• Task instructions: All entries must be transcribed exactly, down to the last character.

Dataset excerpts:
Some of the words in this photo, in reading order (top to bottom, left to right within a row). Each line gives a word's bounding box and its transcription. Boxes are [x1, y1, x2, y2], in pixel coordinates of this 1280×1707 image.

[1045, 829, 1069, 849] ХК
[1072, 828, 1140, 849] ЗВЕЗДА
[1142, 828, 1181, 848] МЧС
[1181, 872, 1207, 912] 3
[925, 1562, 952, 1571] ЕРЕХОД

• Response to this exercise:
Some of the words in this photo, in reading order (top to bottom, left to right within a row). Each line gives a word's bounding box and its transcription. Boxes are [x1, y1, x2, y2], in pixel coordinates of this 1280×1707 image.

[1045, 829, 1069, 849] ХК
[1072, 828, 1140, 849] ЗВЕЗДА
[1142, 828, 1181, 848] МЧС
[1181, 872, 1207, 912] 3
[925, 1562, 952, 1571] ЕРЕХОД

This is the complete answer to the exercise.